[Records to use — start]

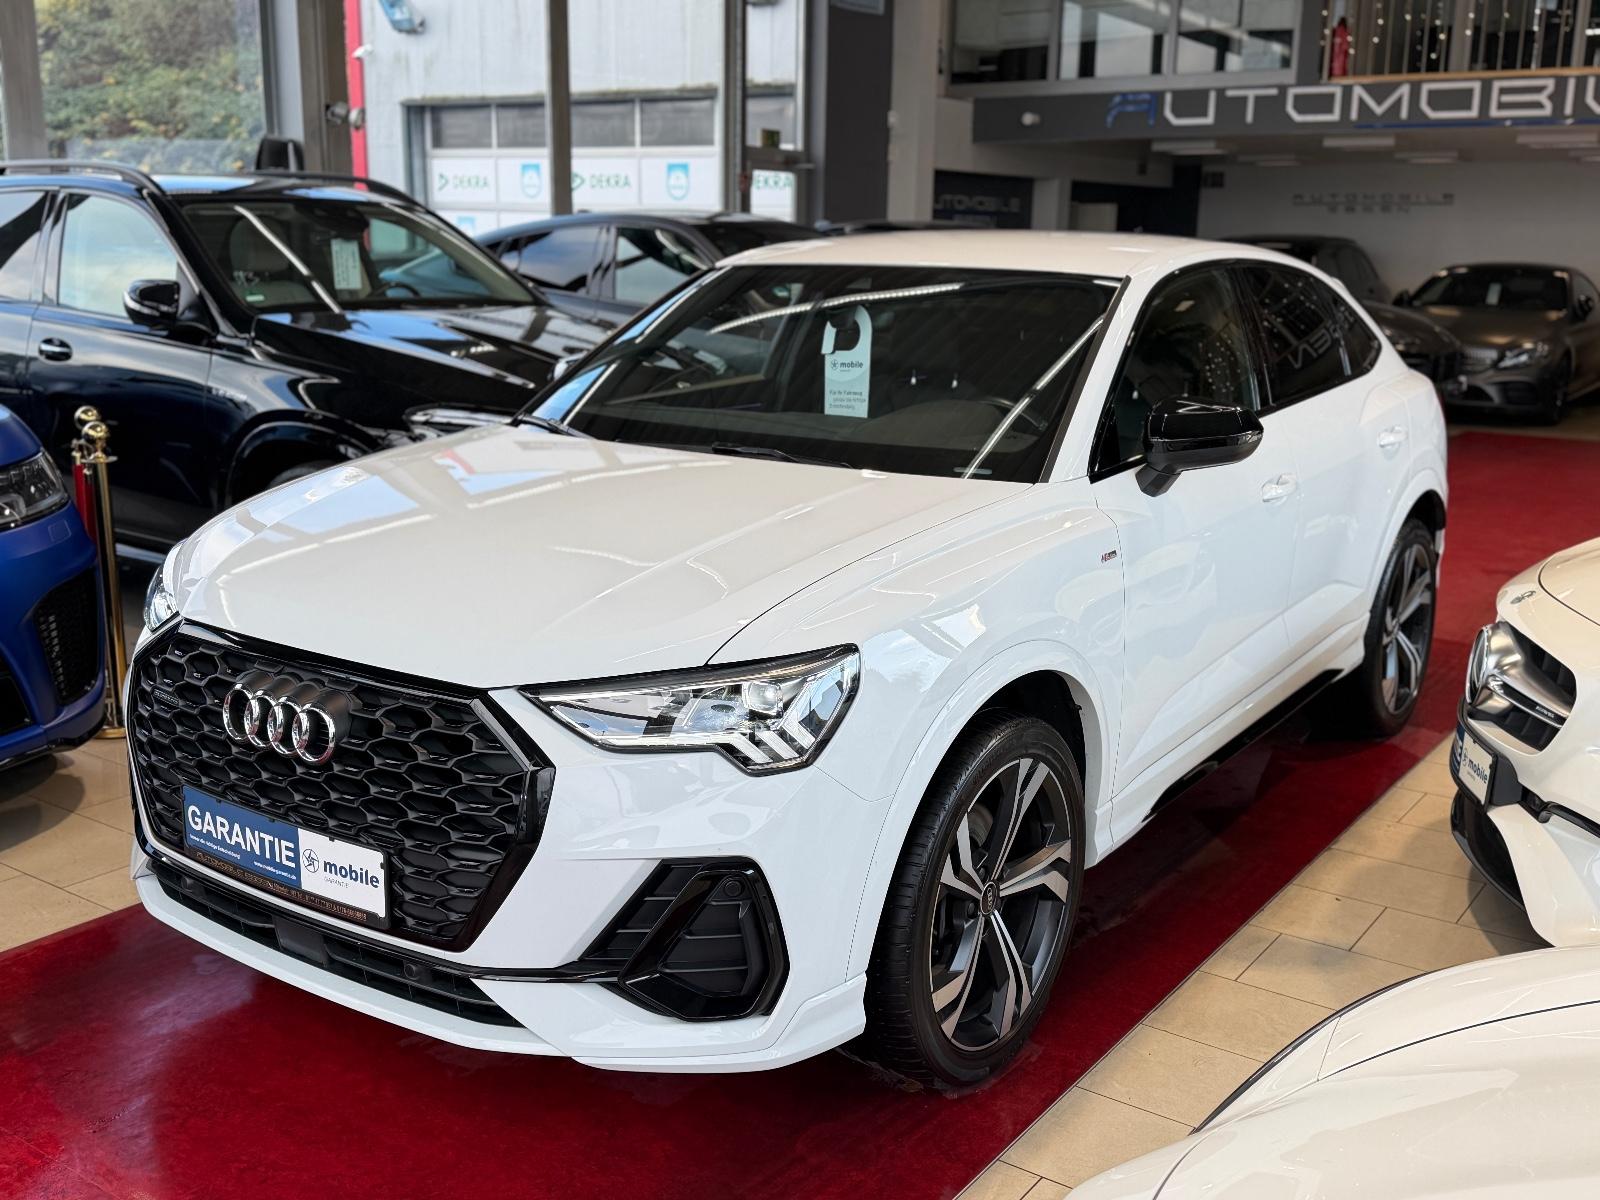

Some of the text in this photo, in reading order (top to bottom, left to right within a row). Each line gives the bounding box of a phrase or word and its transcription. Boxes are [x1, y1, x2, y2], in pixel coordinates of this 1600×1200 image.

[452, 174, 489, 189] DEKRA
[589, 173, 632, 189] DEKRA
[753, 172, 794, 190] EKRA
[839, 360, 864, 369] mobile
[1467, 758, 1488, 784] mobile
[187, 804, 296, 868] GARANTIE
[323, 860, 380, 889] mobile

[Records to use — finish]

Try it:
Please give all of the material again, exactly, without the images.

Response for this exercise:
Some of the text in this photo, in reading order (top to bottom, left to right within a row). Each line gives the bounding box of a phrase or word and its transcription. Boxes are [x1, y1, x2, y2], in pixel coordinates of this 1600×1200 image.

[452, 174, 489, 189] DEKRA
[589, 173, 632, 189] DEKRA
[753, 172, 794, 190] EKRA
[839, 360, 864, 369] mobile
[1467, 758, 1488, 784] mobile
[187, 804, 296, 868] GARANTIE
[323, 860, 380, 889] mobile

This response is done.